Kecerdasan interpersonal mengacu pada kemampuan untuk memahami dan berinteraksi secara efektif dengan orang lain

Kecerdasan interpersonal mengacu pada kemampuan untuk memahami dan berinteraksi secara efektif dengan orang lain

Tips59 Dilihat

Kecerdasan interpersonal mengacu pada kemampuan untuk memahami dan berinteraksi secara efektif dengan orang lain. Ini adalah keterampilan penting yang membantu individu membangun hubungan yang langgeng, berkomunikasi secara efektif, dan sukses di berbagai bidang karier. Sebagai orangtua, menumbuhkan kecerdasan interpersonal pada anak dapat membantu mereka mencapai kesuksesan dalam hidup.

Kecerdasan interpersonal melibatkan kemampuan membaca emosi dan niat orang lain, serta merespons dengan tepat. Kecerdasan interpersonal mencakup beberapa komponen, seperti empati, keterampilan sosial, dan kecerdasan emosional. Empati memungkinkan individu untuk memahami dan berbagi perasaan kepada orang lain. keterampilan sosial memungkinkan individu untuk berkomunikasi dan berinteraksi secara efektif dengan orang lain. Kecerdasan emosional mengacu pada kemampuan untuk mengidentifikasi dan mengelola emosi diri sendiri dan emosi orang lain.

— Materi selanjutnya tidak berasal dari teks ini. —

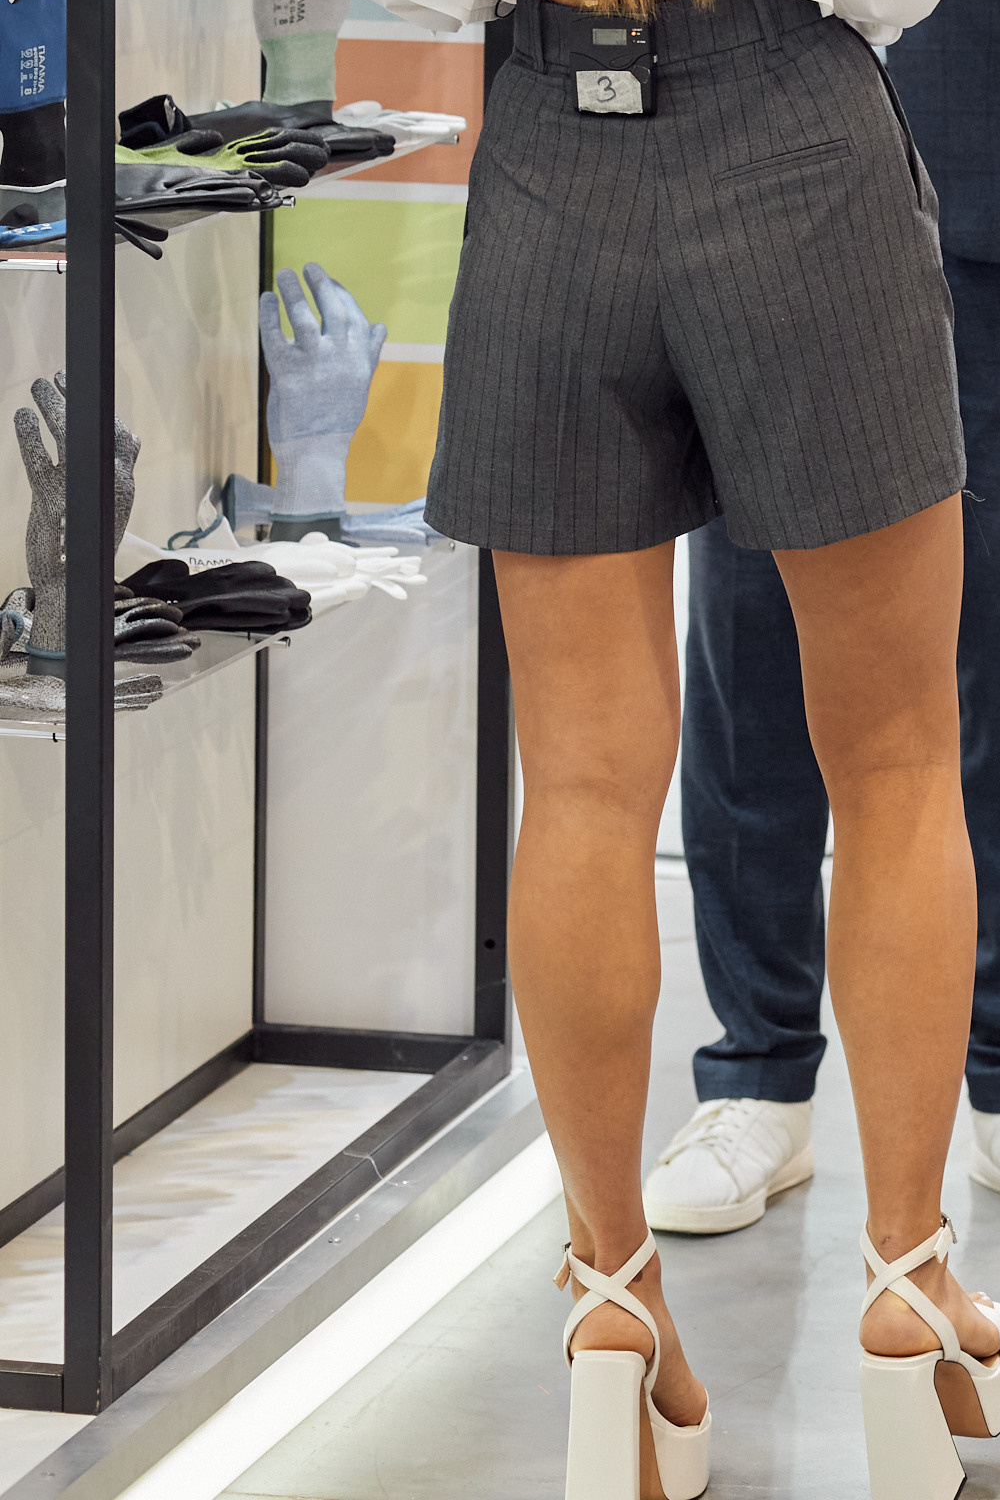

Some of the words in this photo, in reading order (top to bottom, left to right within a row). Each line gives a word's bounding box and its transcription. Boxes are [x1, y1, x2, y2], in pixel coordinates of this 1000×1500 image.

[38, 45, 46, 94] ПАЛМА
[24, 87, 33, 96] 8
[597, 75, 617, 104] 3

Orang dengan kecerdasan interpersonal sering kali menonjol dalam situasi sosial, karena mereka menikmati diskusi, debat, dan kerja kelompok. Menyadur dari mybrightwheel.com, kenali tanda-tanda ini pada anak Sahabat redaksi yang memiliki kecerdasan interpersonal.

 

 

1. Berkomunikasi secara verbal

Kemampuan untuk mengekspresikan diri secara efisien adalah pusat kecerdasan interpersonal. Keterampilan komunikasi verbal adalah kunci dalam menyatukan orang, terutama melalui diskusi. Hal ini dapat terlihat pada anak Sahabat Fimela, ketika ia mengajukan pertanyaan yang relevan dan memberi pendapat dari hasil diskusi.

Anak dengan kecerdasan interpersonal mengetahui apa yang harus dikatakan dan bagaimana ia mengatakannya. Mereka memahami bahwa variasi lokal seperti nada, kecepatan, volume, artikulasi, dan pengucapan mampu mempengaruhi perasaan dan reaksi orang terhadap kata-kata mereka.

 

2. Berkomunikasi secara non-verbal

American Psychological Association menggambarkan komunikasi verbal sebagai “tindakan menyampaikan informasi tanpa menggunakan kata-kata”. Anak dengan kecerdasan interpersonal yang tinggi mampu mengendalikan ekspresi wajah, gerak tubuh, dan bahasa tubuh untuk mengekspresikan diri tanpa kata-kata. Komunikasi non-verbal mempengaruhi cara seseorang berhubungan dengan orang lain dan cara orang lain memandang kita.

3. Sering kali menjadi pemimpin di antara teman-temannya

Banyak kualitas yang diasosiasikan dengan kepemimpinan dan kecerdasan antar pribadi merupakan fondasinya. Pemimpin hebat dikenal karena komunikasinya yang efektif, keterampilan memecahkan masalah, dan pemikiran kritisnya. Mereka dapat menginspirasi orang untuk bergabung dengan kelompok mereka atau melakukan gerakan dan memberdayakan orang lain dalam kehidupan individu mereka.

4. Mampu menjadi penengah

Kecerdasan interpersonal memungkinkan anak mampu membedakan perasaan, emosi, dan kebutuhan orang lain. Selain itu, ini memungkin anak untuk tetap objektif. Kemampuan-kemampuan ini adalah kunci penyelesaian konflik. Orang dengan kecerdasan interpersonal yang tinggi dapat menggunakan keterampilannya untuk mengidentifikasi sumber masalah, meredakan situasi, dan menemukan solusi yang memuaskan semua orang yang terlibat.